#### THE PROBLEM:
Take the data below and write it out exactly, except for the pictures.

#### SUPPLIED RECORDS:
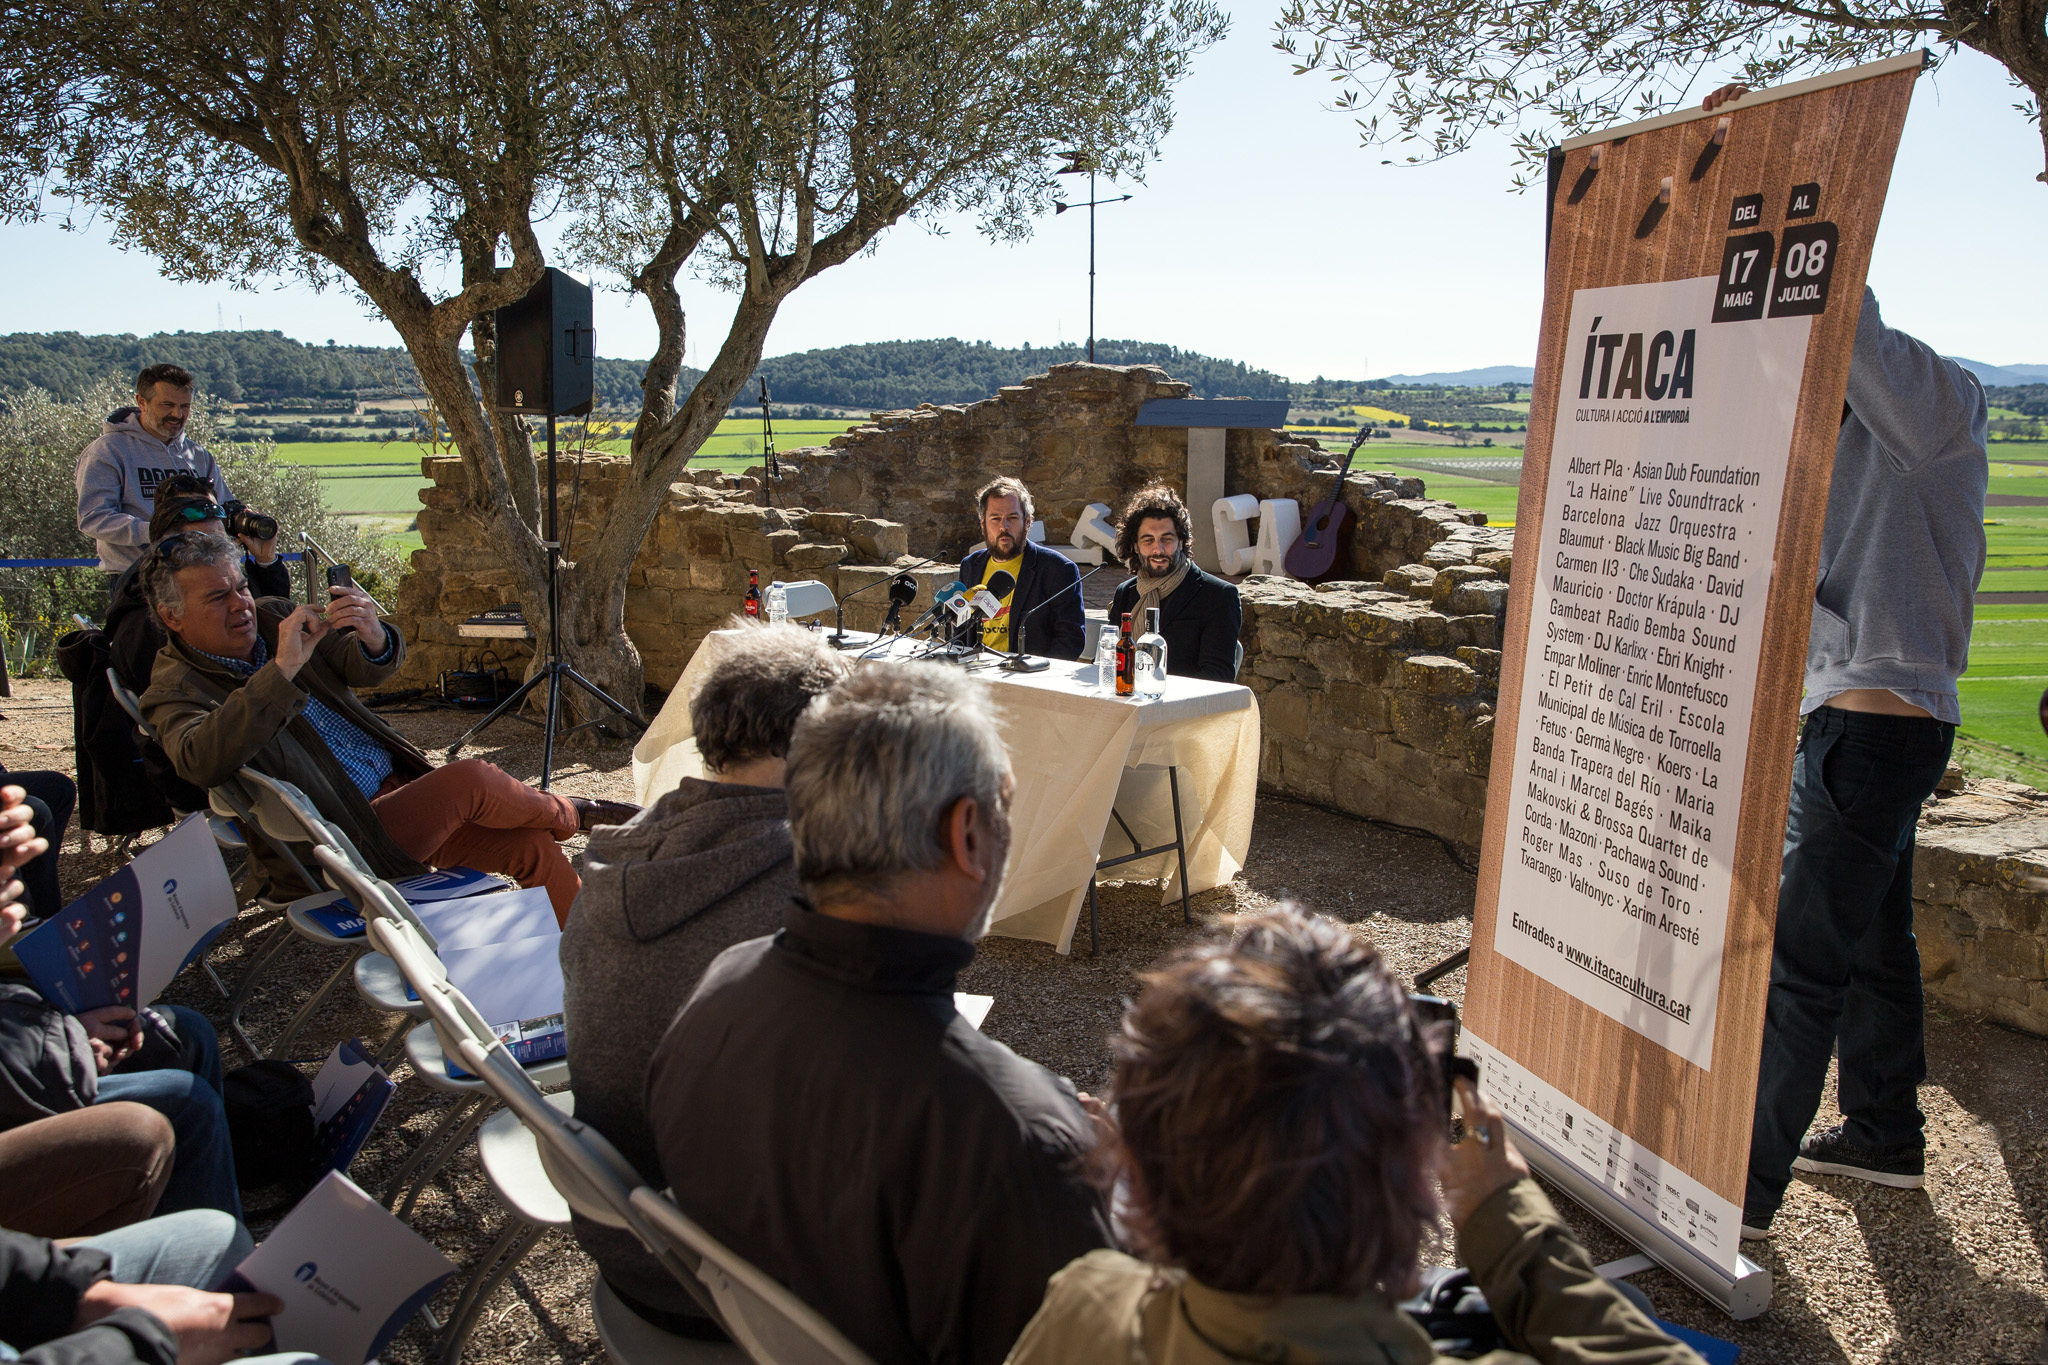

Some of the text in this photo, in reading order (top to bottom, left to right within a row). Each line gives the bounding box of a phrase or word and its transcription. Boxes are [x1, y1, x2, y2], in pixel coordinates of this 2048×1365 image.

[1735, 205, 1757, 222] DEL
[1793, 195, 1810, 212] AL
[1728, 249, 1760, 285] 17
[1785, 239, 1828, 279] 08
[1722, 290, 1754, 308] MAIG
[1777, 284, 1821, 303] JULIOL
[1579, 316, 1696, 401] ÍTACA
[1576, 407, 1690, 424] CULTURA I ACCIÓ A L'EMPORDÀ
[1568, 457, 1760, 486] Albert Pla Asian Dub Foundation
[1563, 505, 1737, 540] Barcelona Jazz Orquestra
[1640, 487, 1663, 505] Live
[1668, 489, 1745, 513] Soundtrack
[1556, 552, 1598, 573] Carmen
[1629, 562, 1649, 582] Che
[1652, 566, 1695, 590] Sudaka
[1707, 575, 1745, 598] David
[1559, 528, 1741, 569] Blaumut Black Music Big Band
[904, 580, 917, 591] acn
[1553, 575, 1740, 626] Mauricio Doctor Krápula DJ
[1547, 622, 1725, 680] System DJ Karlixx Ebri Knight
[1550, 598, 1737, 653] Gambeat Radio Bemba Sound
[1544, 645, 1729, 708] Empar Moliner Enric Montefusco
[1549, 670, 1725, 735] El Petit de Cal Eril Escola
[1538, 691, 1721, 762] Municipal de Música de Torroella
[1541, 715, 1718, 789] Fetus Germà Negre Koers La
[1530, 760, 1712, 842] Arnal i Marcel Bagés Maika
[1533, 736, 1715, 816] Banda Trapera del Río Maria
[1525, 804, 1699, 891] Corda Mazoni Pachawa Sound
[1528, 782, 1709, 868] Makovski & Brossa Quartet de
[1521, 848, 1700, 945] Txarango Valtonyc Xarim Aresté
[1523, 826, 1691, 914] Roger Mas Suso de Toro
[1513, 912, 1691, 1021] Entrades a www.itacacultura.cat

#### WORKED SOLUTION:
Some of the text in this photo, in reading order (top to bottom, left to right within a row). Each line gives the bounding box of a phrase or word and its transcription. Boxes are [x1, y1, x2, y2], in pixel coordinates of this 2048×1365 image.

[1735, 205, 1757, 222] DEL
[1793, 195, 1810, 212] AL
[1728, 249, 1760, 285] 17
[1785, 239, 1828, 279] 08
[1722, 290, 1754, 308] MAIG
[1777, 284, 1821, 303] JULIOL
[1579, 316, 1696, 401] ÍTACA
[1576, 407, 1690, 424] CULTURA I ACCIÓ A L'EMPORDÀ
[1568, 457, 1760, 486] Albert Pla Asian Dub Foundation
[1563, 505, 1737, 540] Barcelona Jazz Orquestra
[1640, 487, 1663, 505] Live
[1668, 489, 1745, 513] Soundtrack
[1556, 552, 1598, 573] Carmen
[1629, 562, 1649, 582] Che
[1652, 566, 1695, 590] Sudaka
[1707, 575, 1745, 598] David
[1559, 528, 1741, 569] Blaumut Black Music Big Band
[904, 580, 917, 591] acn
[1553, 575, 1740, 626] Mauricio Doctor Krápula DJ
[1547, 622, 1725, 680] System DJ Karlixx Ebri Knight
[1550, 598, 1737, 653] Gambeat Radio Bemba Sound
[1544, 645, 1729, 708] Empar Moliner Enric Montefusco
[1549, 670, 1725, 735] El Petit de Cal Eril Escola
[1538, 691, 1721, 762] Municipal de Música de Torroella
[1541, 715, 1718, 789] Fetus Germà Negre Koers La
[1530, 760, 1712, 842] Arnal i Marcel Bagés Maika
[1533, 736, 1715, 816] Banda Trapera del Río Maria
[1525, 804, 1699, 891] Corda Mazoni Pachawa Sound
[1528, 782, 1709, 868] Makovski & Brossa Quartet de
[1521, 848, 1700, 945] Txarango Valtonyc Xarim Aresté
[1523, 826, 1691, 914] Roger Mas Suso de Toro
[1513, 912, 1691, 1021] Entrades a www.itacacultura.cat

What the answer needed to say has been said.